Abstract
Challenging formations offer most of the evident drilling problems including lost circulation and stuck pipe events that result in financial and timeline setbacks globally. By providing optimized drilling tactics to address issues with loss/gain and mechanical/chemical instability, unconventional technologies are available to address these difficulties. Owing to inherent lost circulation, influx and stuck pipe risks in Kirthar Belt in Sindh Pakistan, the operator had to spot various LCM pills along with facing various stuck-pipe incidents in most of the offset wells, resulting in the revision of the casing program.
This study assesses the use of multiphase-foam drilling to penetrate the fractured Kirthar and Laki limestone, offering lost circulation and the chemically and mechanically unstable Ghazij shale, offering wellbore stability and stuck-pipe risks. The study also shows the management of water influx from the Kirthar formation, reducing its impact on Ghazij shale which swells in the presence of an aquatic medium. To overcome these challenges, an efficient design of compressible, multiphase-foam system was designed along with the different base fluids utilized for the drilling. The presence of water influx always limits the effectiveness of the chemical inhibition properties of drilling fluid. This paper evaluates the optimal design of a foam system while utilizing spud mud as well as silicate mud while drilling across loss prone Kirthar and unstable Ghazij respectively. Multiphase-foam drilling offered ECD less than 2 ppg by utilizing the base fluid of mud weight equivalent to 8.7 ppg.

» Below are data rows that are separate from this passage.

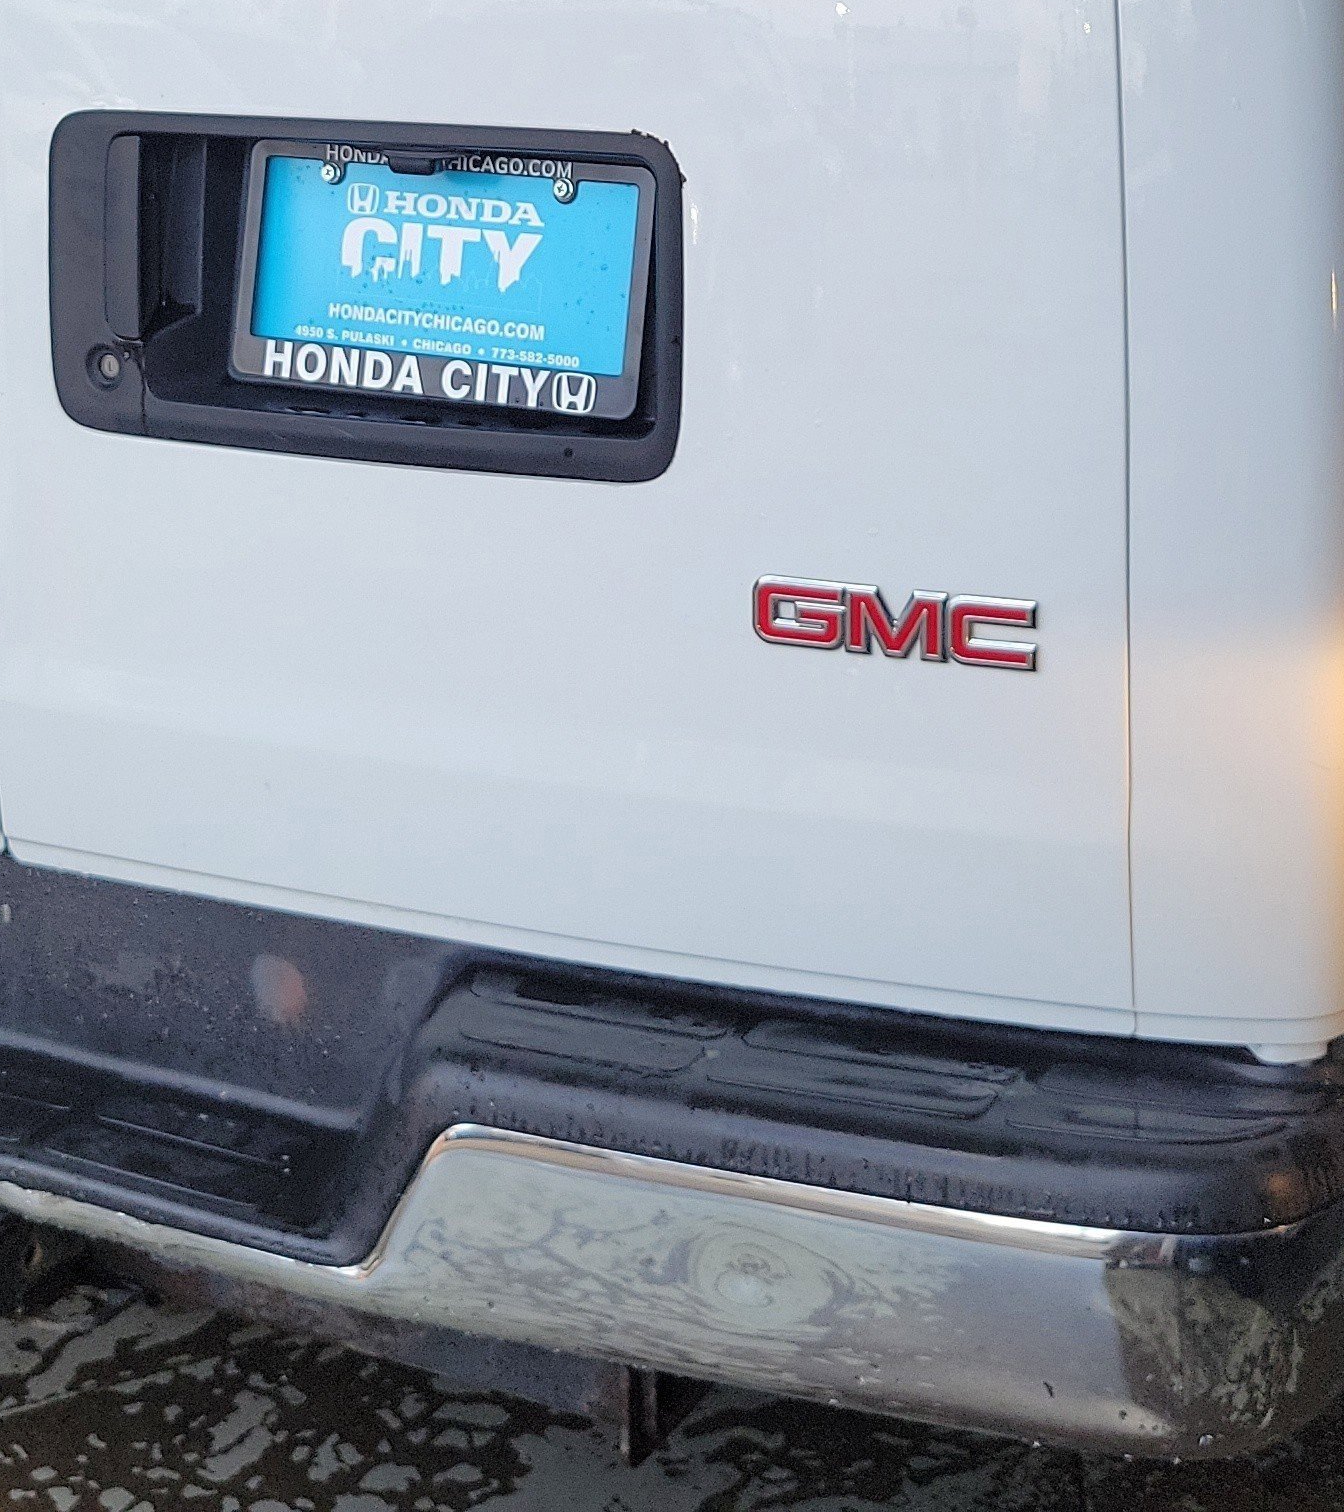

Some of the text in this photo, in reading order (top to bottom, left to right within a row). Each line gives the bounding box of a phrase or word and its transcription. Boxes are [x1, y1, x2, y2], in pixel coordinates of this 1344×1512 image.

[326, 143, 573, 178] HONDHICAGO.COM
[382, 190, 545, 227] HONDA
[341, 216, 544, 293] CITY
[328, 302, 545, 340] HONDACITYCHICAGO.COM
[296, 324, 580, 367] 4950 S. PULASKI CHICAGO 773-582-5000
[262, 339, 425, 395] HONDA
[441, 359, 552, 407] CITY
[752, 573, 1037, 671] GMC
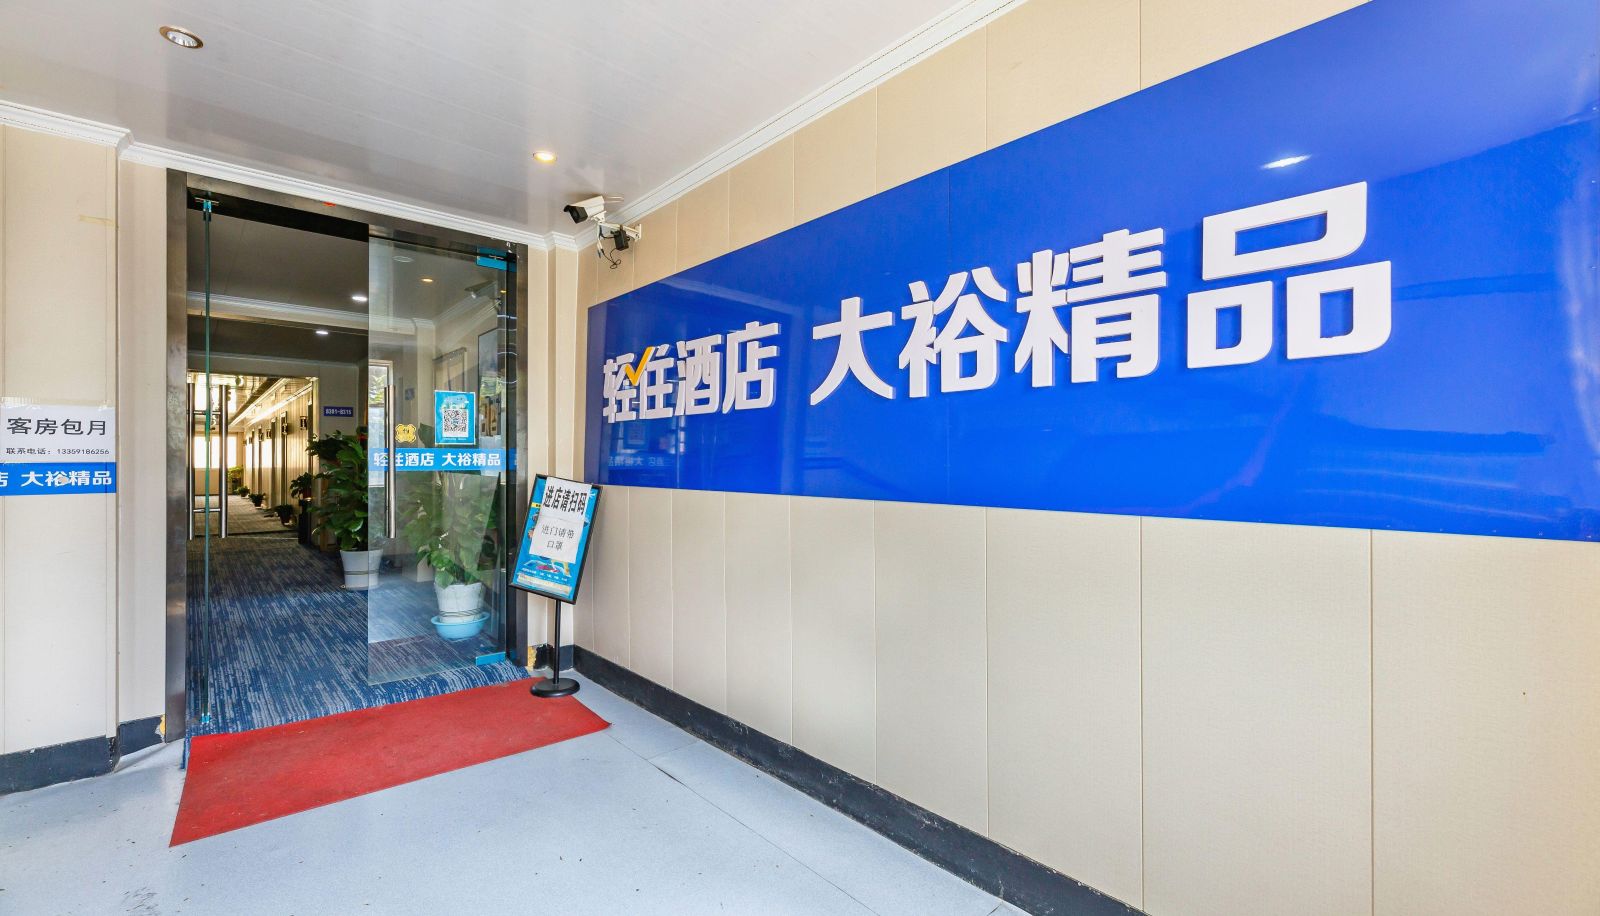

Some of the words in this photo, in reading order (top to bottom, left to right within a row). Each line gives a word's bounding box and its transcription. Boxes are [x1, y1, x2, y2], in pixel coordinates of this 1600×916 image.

Foam drilling enabled the operator to drill throughout without spotting LCMs or cement plugs, resulting in saving 42% of the section allocated time. An analysis is provided with respect to management of 16 BPH of influx with foam system. A statistical comparison between ROPs while utilizing a conventional mud and foam system shows an increment of ROPs by 35% while utilizing the multiphase system. This paper focuses on engineered study of design of multiphase foam system along with the onsite execution for future prospect applications as well.